O Mutterle! rief sie – nur in den feierlichsten Stunden kam ihr die heimathliche Form über die Lippen – du bist die beste, goldigste Mutter in der ganzen Welt! Nein, ich kann es nicht annehmen; ich weiß, daß es dir weh thut, dir schwer wird, daß du darauf gerechnet hast, noch ein Jahrlang würden wir so beisammen bleiben und du könntest deiner Kunst leben und auch mir noch allerlei gute Dinge in meinen harten Kopf bringen. Und nun willst du auf das Alles verzichten. O Mutterle, deine himmlische Güte – wenn du wüßtest, wie schwer sie mir aufs Herz fällt, weil ich sie weniger als je verdient habe! Nun aber sollst du erst Alles wissen, und wenn du ihm auch dann nicht böse bist und dann noch einwilligst –

Kind, unterbrach die Mutter dieses stürmische Bekenntnis, sage mir Nichts weiter. Ich will Nichts wissen, nicht mehr, als ich mir schon selbst zusammenreimen kann. Meinst du, ich hätte ein Wort von der ganzen Räubergeschichte geglaubt, oder von dem Engagement wegen der Ausgrabungen? Zwar von Herrn Mathias hätte ich es nimmermehr gedacht, daß er zu solch hinterlistigen Schelmenstücken die Hand bieten könnte; der ist viel zu offen und redlich dazu und über die Jugendthorheiten hinaus; und doch –

Sie verstummte. Auch Martinchen schwieg. Sie wußte nicht, ob es nöthig sei, die Mutter wider ihren Willen von Allem, was sich zugetragen, zu unterrichten. Hatte sie doch ihr Gewissen schon ziemlich entlastet. Also ergriff sie den Mittelweg, die Hand der Gütigen zu fassen und mit Küssen zu bedecken. Obwohl aber kein Licht brannte und nur ein schwacher Schein von der Straßenlaterne hereindrang, fiel ihr doch auf einmal der seltsame breite Goldreif auf, den sie sonst nie an dieser Hand wahrgenommen hatte.

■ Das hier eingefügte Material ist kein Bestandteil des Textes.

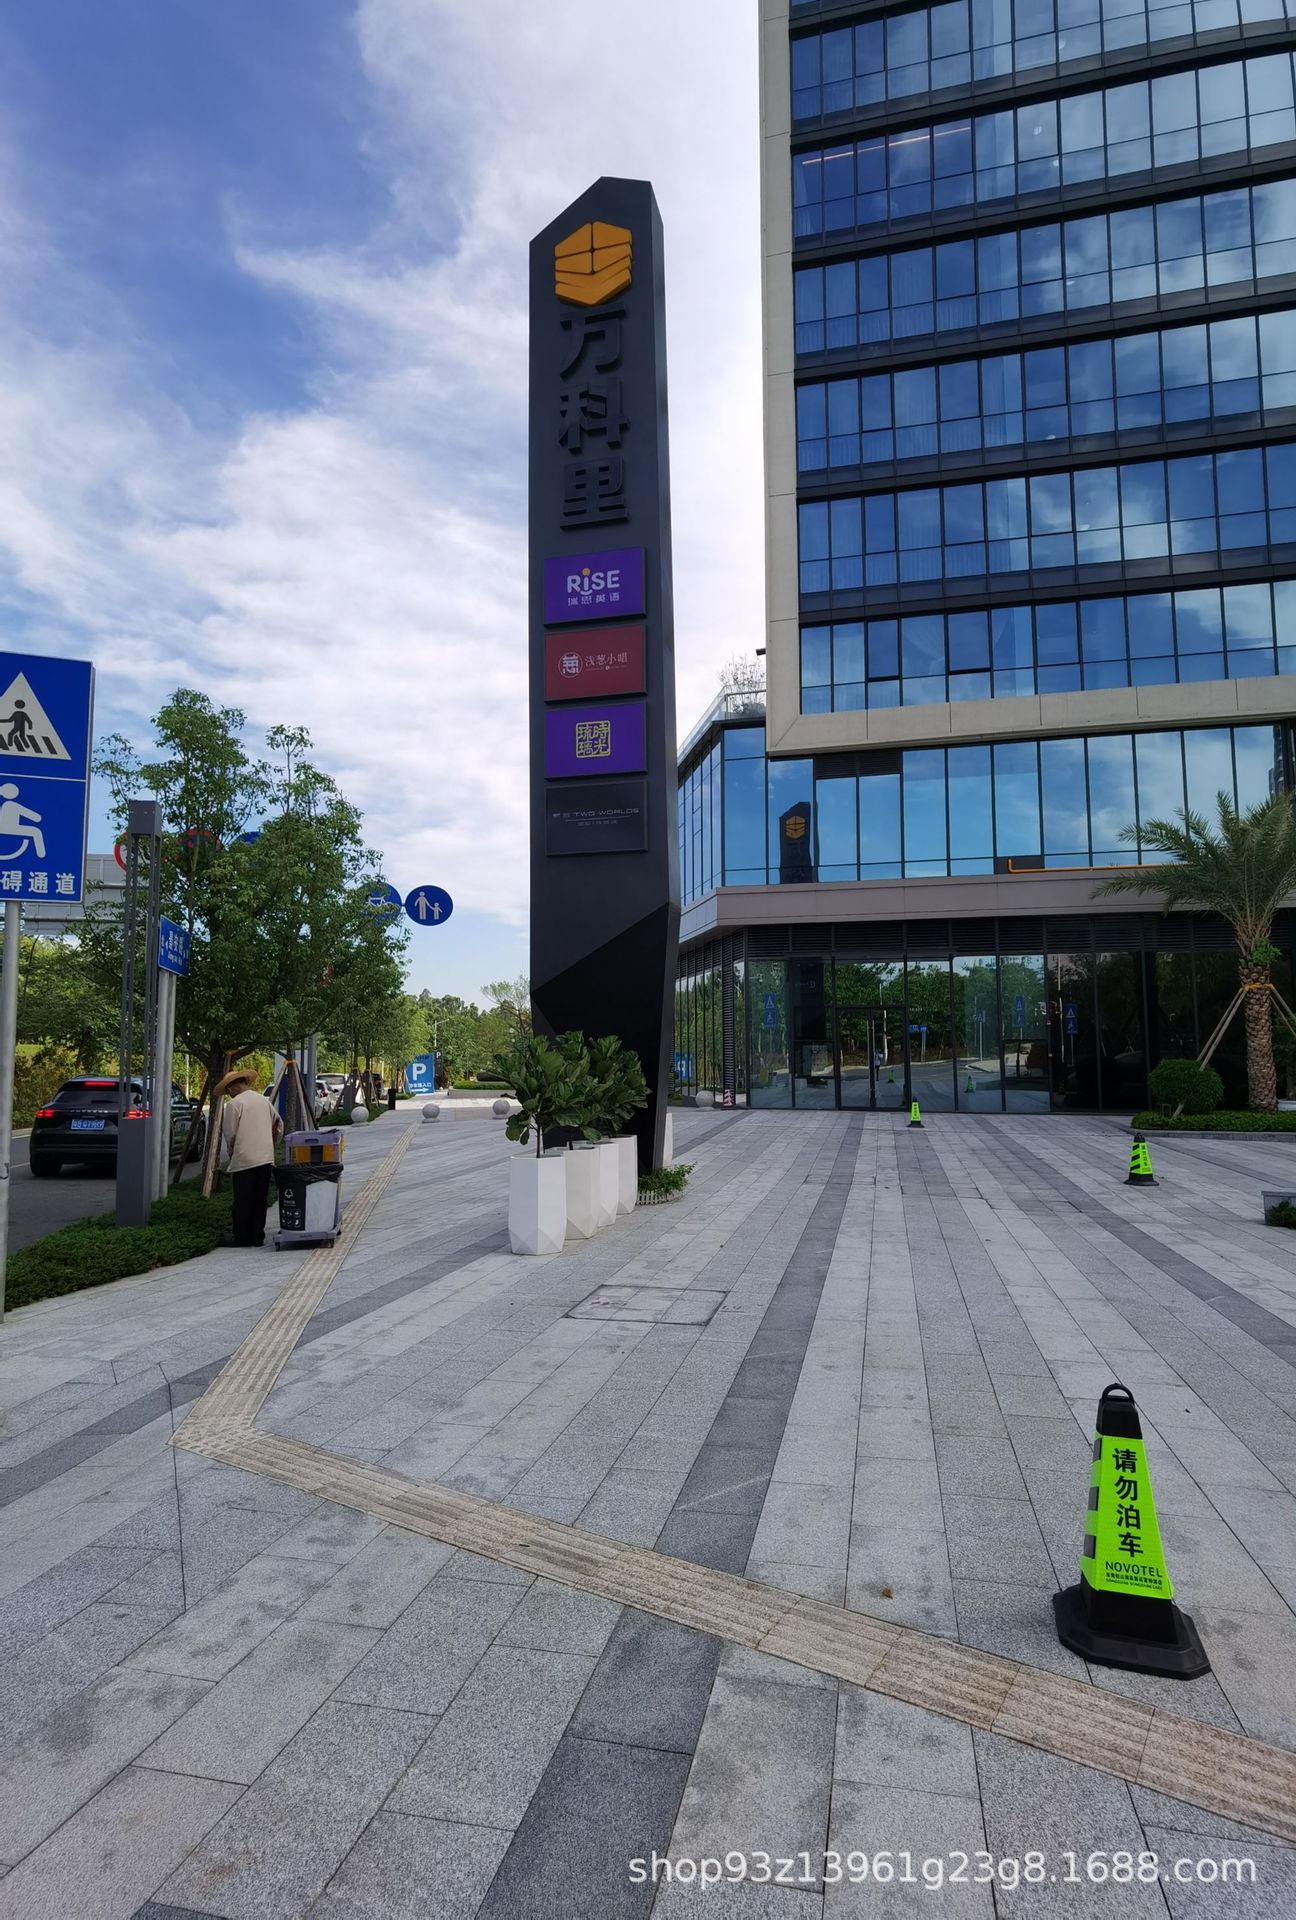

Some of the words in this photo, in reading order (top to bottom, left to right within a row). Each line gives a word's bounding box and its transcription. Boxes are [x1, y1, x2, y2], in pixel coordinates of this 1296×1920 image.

Mutter! sagte sie, plötzlich in einen ruhigeren Ton verfallend, was ist das für ein Ring, den du da trägst? Den kenne ich ja noch gar nicht.

Die Mutter entzog ihr die Hand und kehrte das Gesicht nach der anderen Seite. Laß uns jetzt schlafen! sagte sie. Ich erzähle dir morgen, wie ich dazu gekommen bin. Heut bin ich zu müde. Gute Nacht, Kind!

Martinchen küßte sie noch einmal und schlüpfte dann gehorsam in ihr Bett zurück, im Stillen verwundert über dies seltsame Geheimniß. Sie hatte aber noch kaum sich wieder zurecht gelegt, da hörte sie die Mutter abermals sich aufrichten.

Es ist am Ende doch besser, sagte sie leise und zögernd, du erfährst es gleich heute. Ja ja, Jugend hat keine Tugend, aber Alter schützt vor Thorheit nicht: – ich habe mich heute Abend mit Herrn Mathias verlobt!

Mit einem hellen Freudenschrei sprang die Tochter zum zweiten Mal aus dem Bett, stürzte zur Mutter hin und kniete, ihre Hand haschend und stürmisch an die Lippen drückend, neben ihr nieder. Mutterle! rief sie, nun ist Alles gut, nun darf ich mir mein eignes Glück gönnen, und du mußt meinem Olaf vergeben, daß er dich so viel Thränen gekostet hat. Kann man einem Räuber böse sein, der einem das geraubte Gut wiederbringt und einem noch einen Schatz dazubeschert?